Posted on:1988-06-13Degree:Ph.DType:Thesis
University:University of Manitoba (Canada)Candidate:LYE, LEONARD FUNG PIAUFull Text:PDF
GTID:2472390017457712Subject:Engineering
Abstract/Summary:
This thesis is concerned with four aspects of flood risk analysis. The use of Bayesian estimation theory is central in all four aspects.; The first aspect concerns the parameter estimation for probability distributions used for flood data. It will be shown that a Bayesian approach gives better estimates than the usually preferred method of maximum likelihood. Lindley's approximation technique greatly simplifies the computation of all Bayes estimates.; The second aspect concerns the estimation of the probability that a flood will be exceeded in a future period. Then the uncertainty in the parameters of the probability distribution must be taken into account. This is done by using the predictive distribution as distinct from the descriptive distribution.; Next the customary assumption of stochastic independence for annual flood peak series is waived. A calculation of the Hurst statistic for about fifty annual flood series from all over Canada indicates that long term serial correlation is present in many rivers.
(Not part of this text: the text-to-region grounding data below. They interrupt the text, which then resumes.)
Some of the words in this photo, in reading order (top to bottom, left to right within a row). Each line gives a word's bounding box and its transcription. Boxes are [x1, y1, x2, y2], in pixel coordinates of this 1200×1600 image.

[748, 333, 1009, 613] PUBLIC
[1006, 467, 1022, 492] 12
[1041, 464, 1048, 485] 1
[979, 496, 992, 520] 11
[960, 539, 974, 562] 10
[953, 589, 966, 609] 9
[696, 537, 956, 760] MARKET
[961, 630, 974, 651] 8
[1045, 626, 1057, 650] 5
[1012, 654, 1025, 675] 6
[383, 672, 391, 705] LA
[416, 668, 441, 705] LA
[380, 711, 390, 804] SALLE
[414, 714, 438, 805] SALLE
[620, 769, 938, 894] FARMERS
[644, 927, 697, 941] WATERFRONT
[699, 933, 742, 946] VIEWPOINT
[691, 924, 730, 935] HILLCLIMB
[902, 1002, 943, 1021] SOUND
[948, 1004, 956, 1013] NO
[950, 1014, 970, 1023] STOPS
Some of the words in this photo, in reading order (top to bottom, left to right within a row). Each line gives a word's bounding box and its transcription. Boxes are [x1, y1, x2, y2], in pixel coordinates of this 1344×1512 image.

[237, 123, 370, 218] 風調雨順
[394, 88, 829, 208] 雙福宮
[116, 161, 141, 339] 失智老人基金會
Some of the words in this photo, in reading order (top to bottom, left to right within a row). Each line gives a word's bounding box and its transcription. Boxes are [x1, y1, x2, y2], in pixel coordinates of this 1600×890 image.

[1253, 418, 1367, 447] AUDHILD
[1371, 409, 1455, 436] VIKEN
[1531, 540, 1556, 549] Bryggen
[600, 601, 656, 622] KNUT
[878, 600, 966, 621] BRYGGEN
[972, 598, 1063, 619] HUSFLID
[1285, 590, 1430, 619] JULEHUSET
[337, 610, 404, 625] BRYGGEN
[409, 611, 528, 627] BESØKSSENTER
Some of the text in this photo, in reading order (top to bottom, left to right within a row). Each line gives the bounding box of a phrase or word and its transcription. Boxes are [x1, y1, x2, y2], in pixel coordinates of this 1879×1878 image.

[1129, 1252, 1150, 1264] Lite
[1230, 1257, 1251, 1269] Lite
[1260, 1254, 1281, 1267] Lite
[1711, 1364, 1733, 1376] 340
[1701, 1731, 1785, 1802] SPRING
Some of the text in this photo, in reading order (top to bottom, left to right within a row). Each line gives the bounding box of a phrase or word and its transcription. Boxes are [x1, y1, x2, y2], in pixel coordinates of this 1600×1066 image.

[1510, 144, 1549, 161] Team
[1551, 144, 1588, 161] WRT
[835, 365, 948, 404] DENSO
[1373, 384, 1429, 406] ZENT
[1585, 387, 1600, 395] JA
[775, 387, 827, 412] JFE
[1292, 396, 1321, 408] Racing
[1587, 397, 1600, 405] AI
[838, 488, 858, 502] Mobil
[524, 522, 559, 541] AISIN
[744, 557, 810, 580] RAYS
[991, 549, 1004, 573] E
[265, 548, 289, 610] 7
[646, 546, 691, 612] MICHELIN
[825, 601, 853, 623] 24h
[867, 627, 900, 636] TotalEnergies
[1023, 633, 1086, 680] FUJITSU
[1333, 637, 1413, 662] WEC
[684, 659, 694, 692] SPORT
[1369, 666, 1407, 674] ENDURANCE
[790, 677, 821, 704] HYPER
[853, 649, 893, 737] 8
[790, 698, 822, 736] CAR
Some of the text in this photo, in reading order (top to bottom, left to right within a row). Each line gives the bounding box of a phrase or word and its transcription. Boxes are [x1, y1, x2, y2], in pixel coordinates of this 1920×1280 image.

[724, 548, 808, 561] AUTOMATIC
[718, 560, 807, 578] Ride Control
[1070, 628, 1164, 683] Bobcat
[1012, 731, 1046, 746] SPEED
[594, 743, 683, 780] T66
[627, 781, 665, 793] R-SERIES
This is shown to increase the uncertainty of the sample statistics and leads to a substantial upward assessment of the flood risk. A simple but efficient technique of modelling series with a high Hurst statistic is described.; The fourth aspect of flood risk analysis is an attempt at reducing the uncertainty in the estimation of the probability of exceedence of extreme floods. Taking the Red River at Emerson as a case study, a physically-based stochastic flood simulation model is developed using soil moisture, snowfall, snowmelt, and rainfall as input. The predictive distribution of flood peaks obtained from this model shows less uncertainty than the predictive distribution based only on the recorded flood peaks. This is not necessarily the whole answer. Updating the predictive distribution with historic or regional information using the simulation model is still possible, but has not been attempted in this thesis.; The research described in the thesis shows that parameter uncertainty appears to be more important than the question of plotting positions, parameter estimation by one method or another, or the choice between 2-parameter and 3-parameter probability models.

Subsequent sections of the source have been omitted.